▸ ABOUT THIS TASK
Look for "Some of the words" in the entries below. Write out that line and all later lines exactly, ending with the final one.

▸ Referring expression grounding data

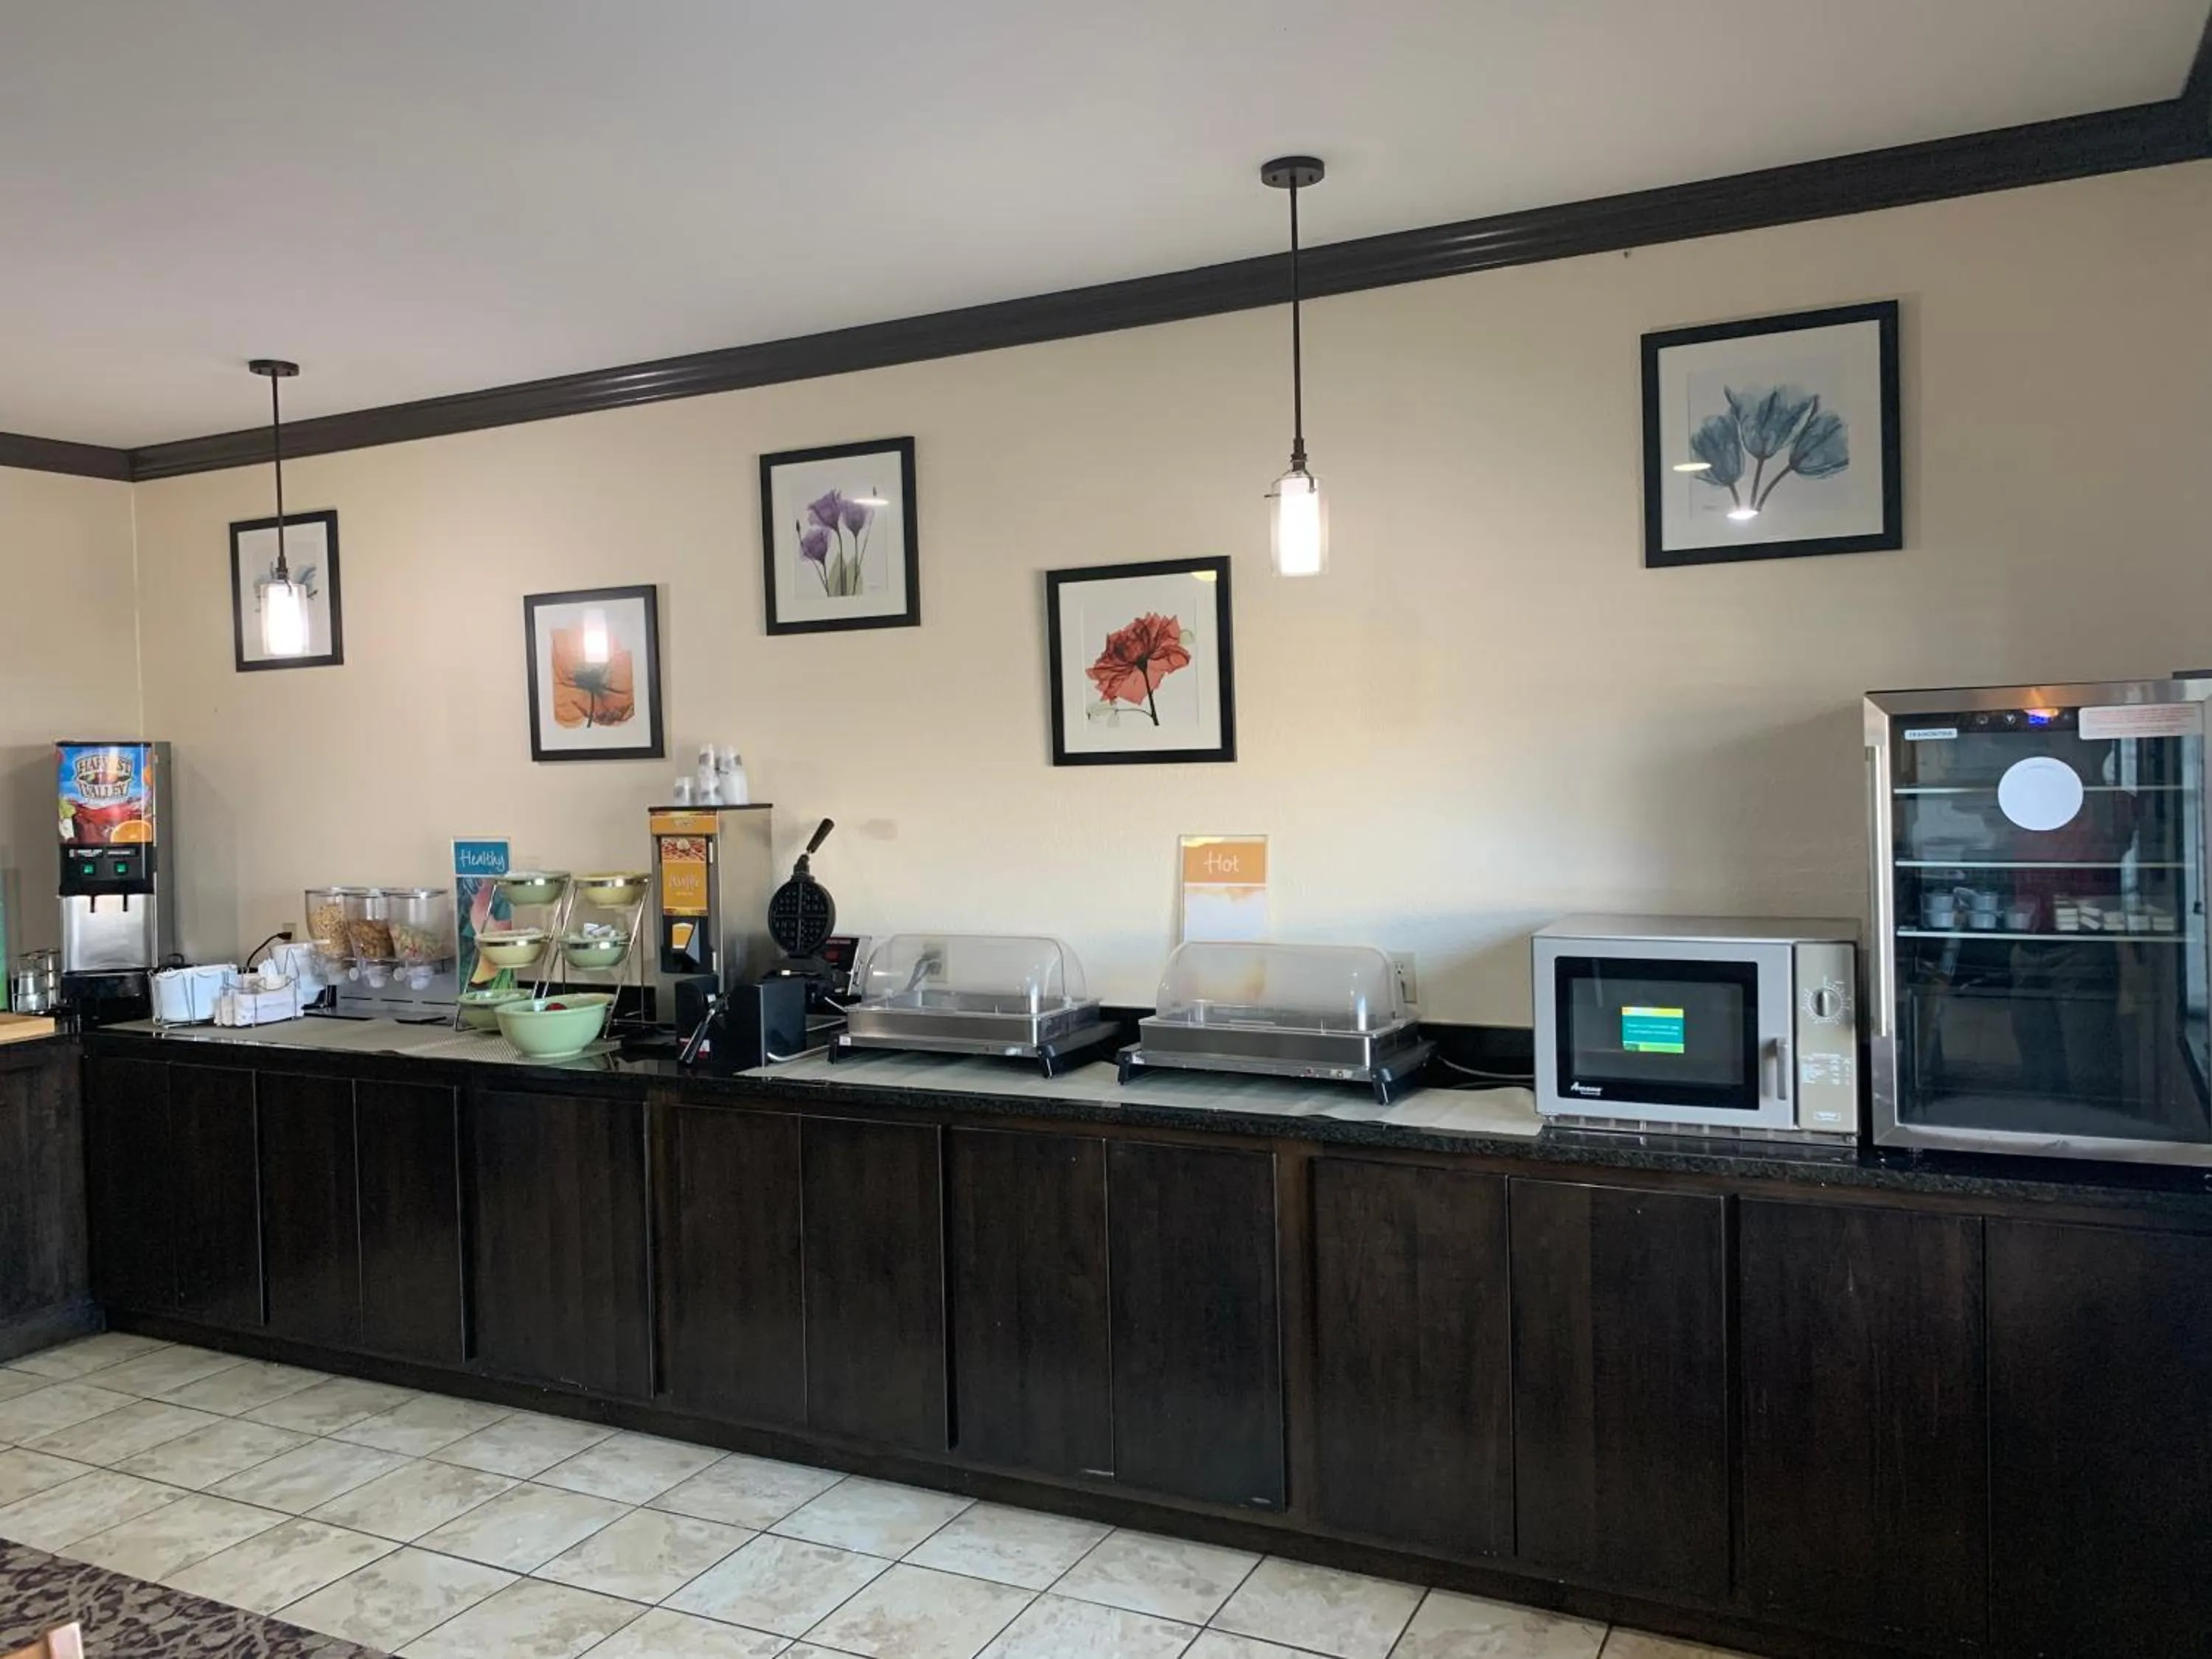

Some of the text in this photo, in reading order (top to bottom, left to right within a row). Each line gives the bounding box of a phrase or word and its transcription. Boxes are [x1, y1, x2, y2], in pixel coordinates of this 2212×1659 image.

[80, 782, 126, 799] VALLEY
[460, 849, 505, 872] Healthy
[1203, 849, 1239, 875] Hot
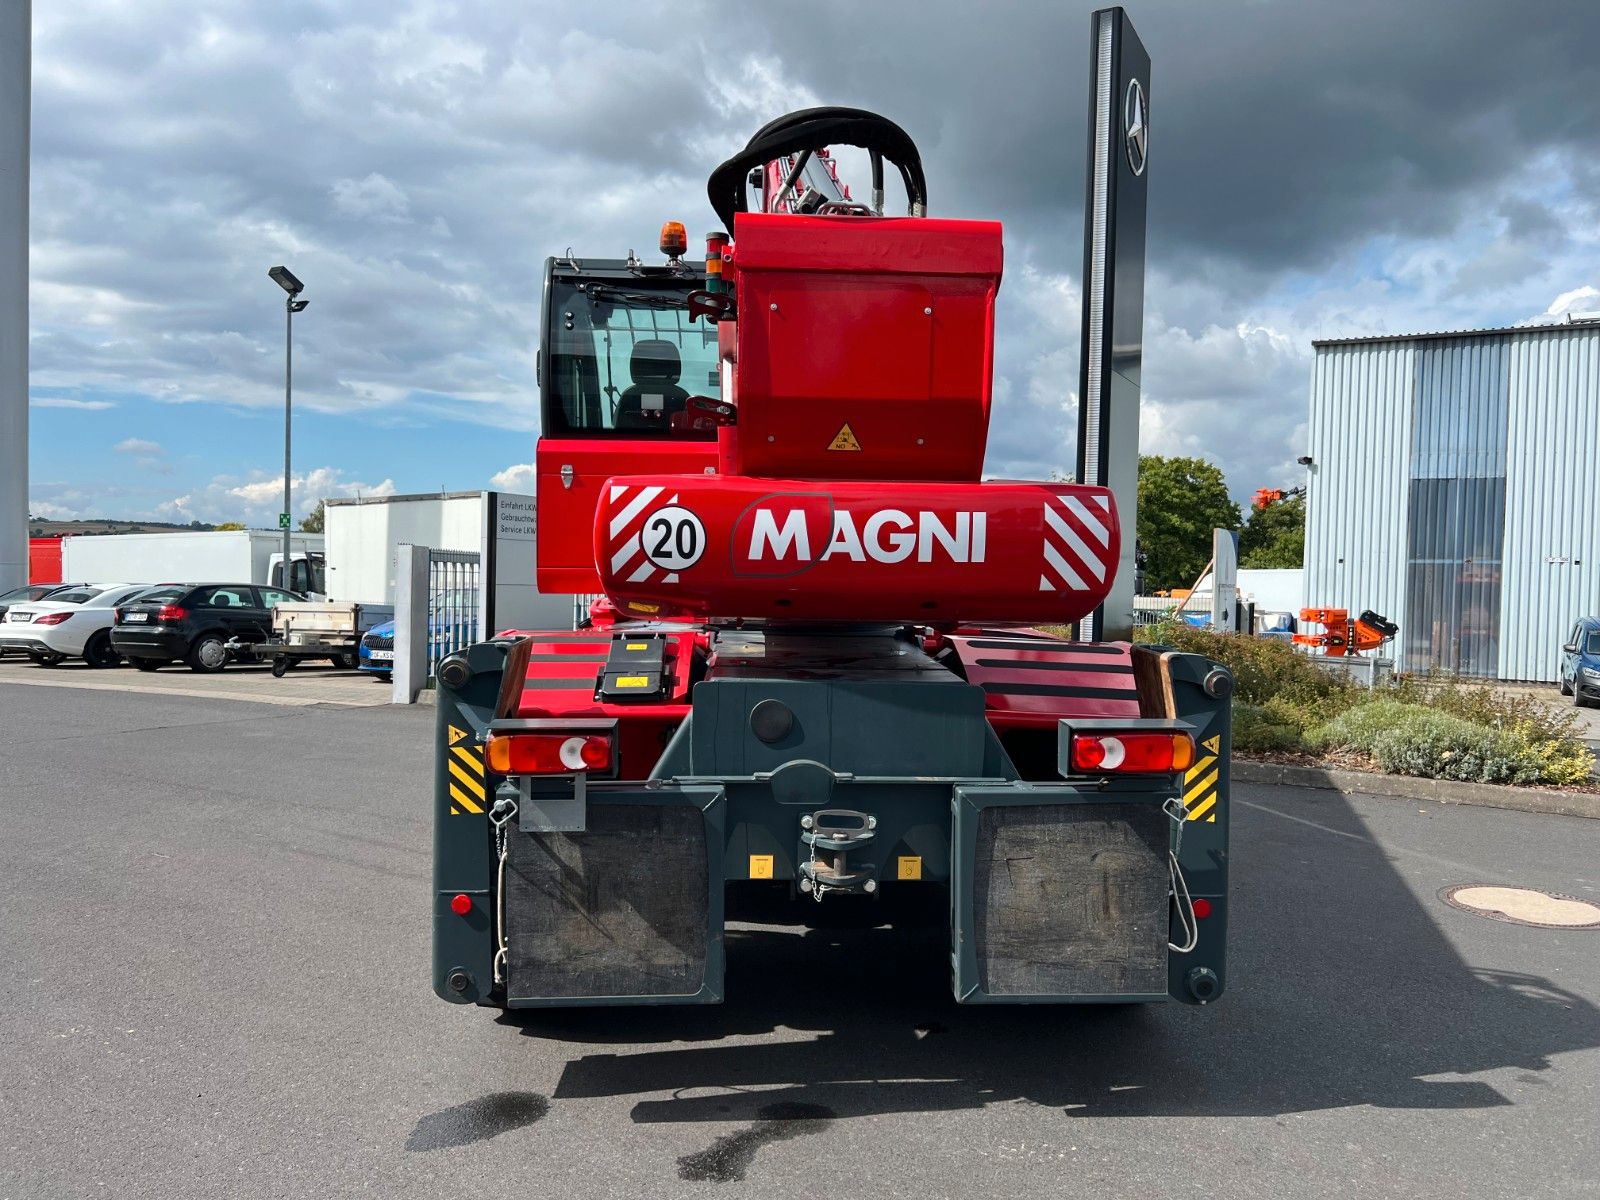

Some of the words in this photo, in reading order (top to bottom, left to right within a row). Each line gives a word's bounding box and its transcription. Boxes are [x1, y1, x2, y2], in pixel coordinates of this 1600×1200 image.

[500, 500, 523, 510] Einfahrt
[500, 524, 522, 534] Service
[523, 526, 536, 535] LKW
[650, 518, 697, 560] 20
[747, 508, 987, 563] MAGNI

▸ REPLY
Some of the words in this photo, in reading order (top to bottom, left to right within a row). Each line gives a word's bounding box and its transcription. Boxes are [x1, y1, x2, y2], in pixel coordinates of this 1600×1200 image.

[500, 500, 523, 510] Einfahrt
[500, 524, 522, 534] Service
[523, 526, 536, 535] LKW
[650, 518, 697, 560] 20
[747, 508, 987, 563] MAGNI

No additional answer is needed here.